Setiap kali mereka dihempaskan monster, saat itu juga mereka bangkit dan kembali menyerang. Sampai akhirnya Men mampu meremukkan kaki monster tersebut dan shade menghujamkan belati, granat dan bahan peledak lain yang dia miliki.

Ledakan itu membuat tubuh monster besar itu tercerai berai.

Selesai? Tidak. Tiba-tiba monster muncul semakin banyak, salju semakin lebat. Tapi mereka tak menyerah.

Semakin banyak monster, semakin cepat mereka bergerak.

Semua yang melihat mereka terkesima. Mereka berdua tak saling kenal. Mereka berdua bahkan harusnya saling membunuh. Tapi kini mereka bergerak sinkron dalam menjalani ujian ini.
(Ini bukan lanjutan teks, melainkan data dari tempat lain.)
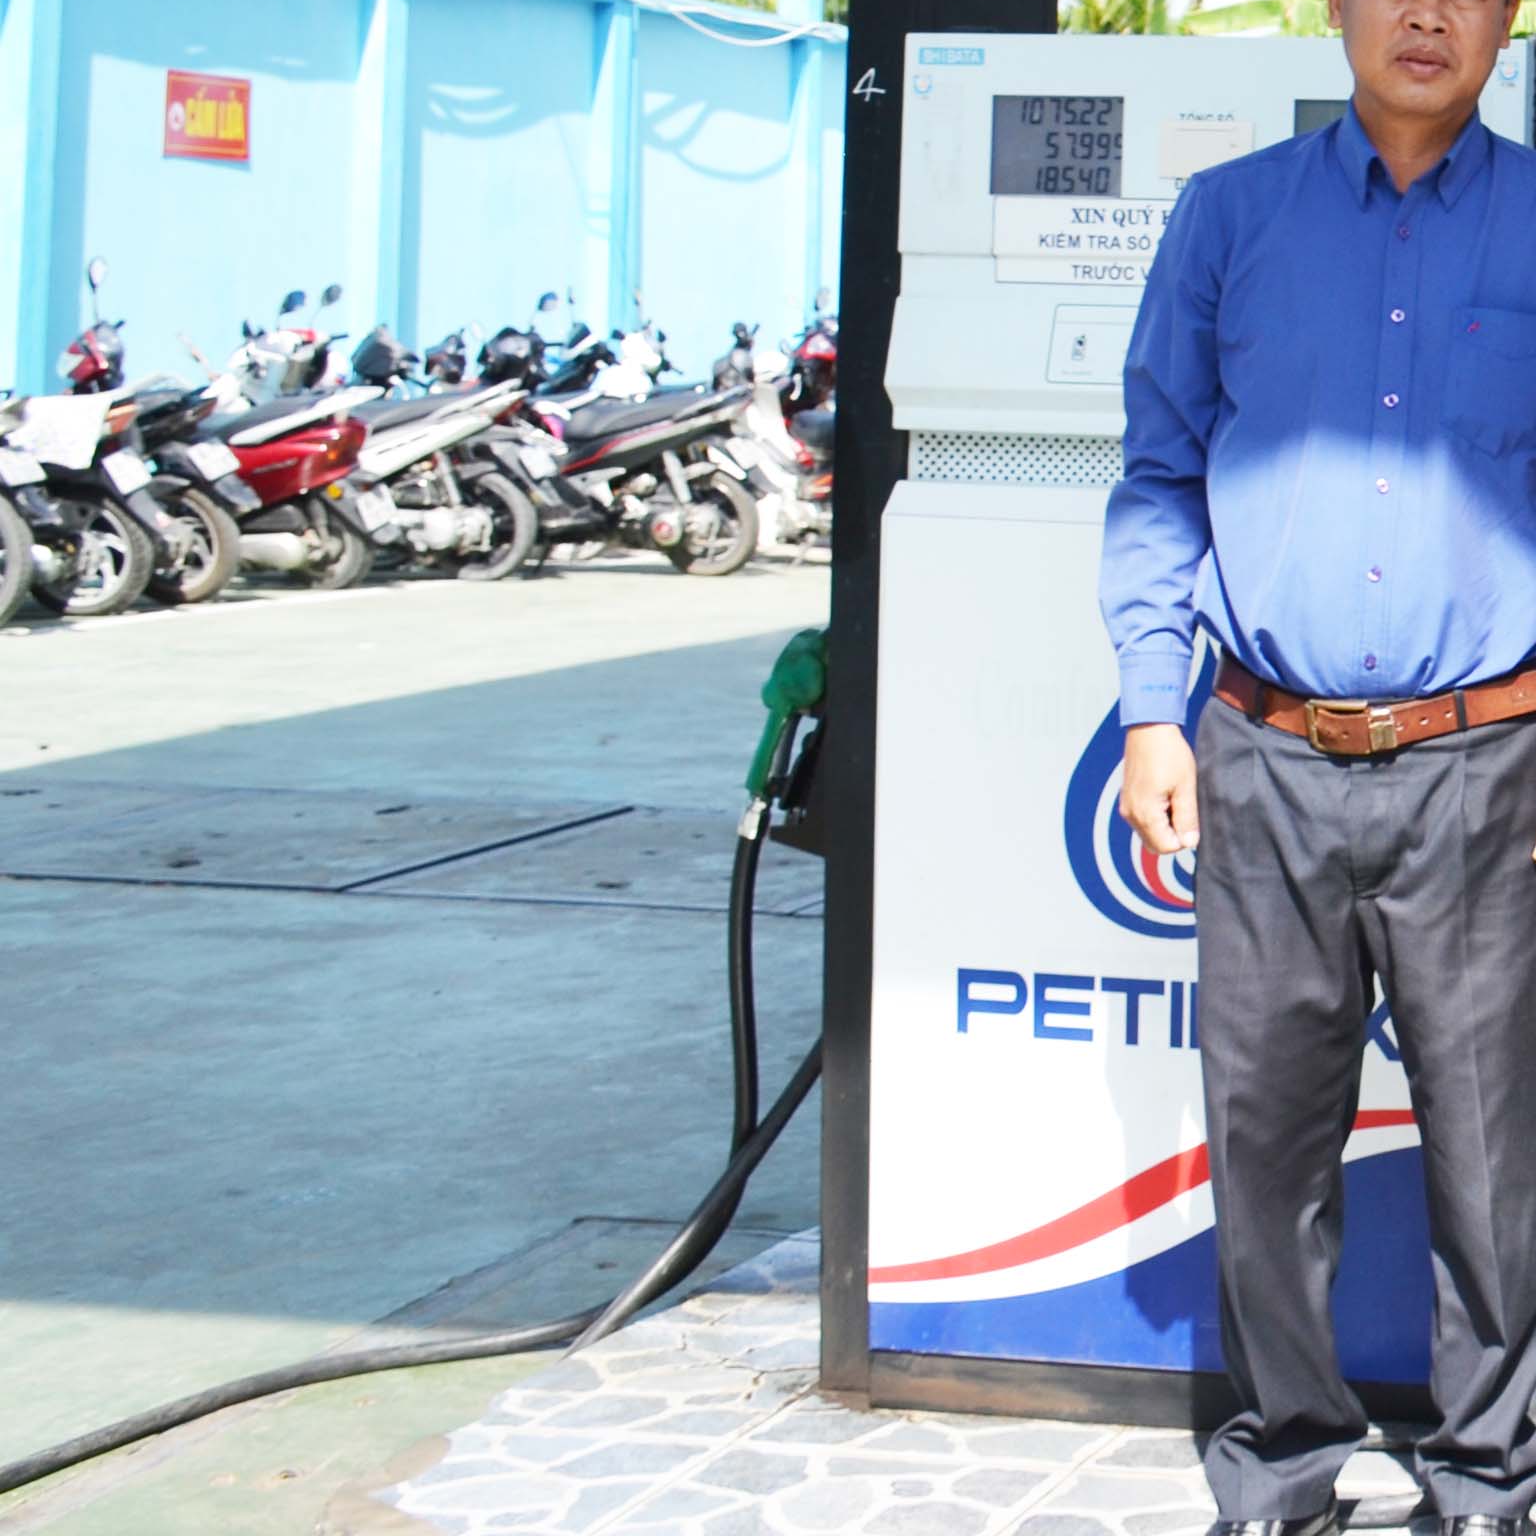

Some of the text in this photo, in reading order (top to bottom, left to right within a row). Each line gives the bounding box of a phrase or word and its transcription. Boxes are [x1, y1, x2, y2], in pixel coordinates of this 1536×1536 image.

Fapi berbeda, dia terus bersiaga dengan adonan di tangan kanannya dan api membara di tangan kirinya tanpa terlalu memerhatikan aksi mereka. Tugasnya jelas, melindungi penduduk yang selamat agar tidak didekati monster dan menjaganya dari salju hitam yang terus muncul.

Usaha mereka tampak membuahkan hasil. Karena kekuatan keinginan dan impian mereka dipaksa seimbang sekarang, efek mimpi buruk itu perlahan berkurang dan terus berkurang.

Saat kekuatan impian Men membesar, monster-monster terus berdatangan dan menghajar mereka berdua. Tapi mereka terus menghancurkannya. Namun dengan itu, kekuatan Shade membesar.

Saat kekuatan impian Shade membesar, salju semakin kuat, namun dengan kemampuan Legendary centurizan Chefnya, dia mampu bertahan dan salju itu semakin menipis.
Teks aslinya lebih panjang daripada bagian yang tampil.